WHAT YOU WILL DO
Retype the entries word for word, leaving nothing out.

Saved entries
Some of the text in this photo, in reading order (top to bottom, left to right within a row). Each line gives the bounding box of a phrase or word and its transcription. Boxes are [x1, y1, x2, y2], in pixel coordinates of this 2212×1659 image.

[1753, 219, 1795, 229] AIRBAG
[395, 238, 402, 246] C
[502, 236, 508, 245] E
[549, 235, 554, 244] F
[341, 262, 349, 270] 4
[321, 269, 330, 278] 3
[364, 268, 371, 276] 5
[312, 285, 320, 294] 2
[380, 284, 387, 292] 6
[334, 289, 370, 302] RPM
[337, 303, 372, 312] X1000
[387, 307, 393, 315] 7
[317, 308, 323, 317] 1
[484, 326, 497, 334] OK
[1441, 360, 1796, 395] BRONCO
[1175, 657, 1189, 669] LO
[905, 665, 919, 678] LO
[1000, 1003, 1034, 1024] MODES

WRITTEN RESPONSE
Some of the text in this photo, in reading order (top to bottom, left to right within a row). Each line gives the bounding box of a phrase or word and its transcription. Boxes are [x1, y1, x2, y2], in pixel coordinates of this 2212×1659 image.

[1753, 219, 1795, 229] AIRBAG
[395, 238, 402, 246] C
[502, 236, 508, 245] E
[549, 235, 554, 244] F
[341, 262, 349, 270] 4
[321, 269, 330, 278] 3
[364, 268, 371, 276] 5
[312, 285, 320, 294] 2
[380, 284, 387, 292] 6
[334, 289, 370, 302] RPM
[337, 303, 372, 312] X1000
[387, 307, 393, 315] 7
[317, 308, 323, 317] 1
[484, 326, 497, 334] OK
[1441, 360, 1796, 395] BRONCO
[1175, 657, 1189, 669] LO
[905, 665, 919, 678] LO
[1000, 1003, 1034, 1024] MODES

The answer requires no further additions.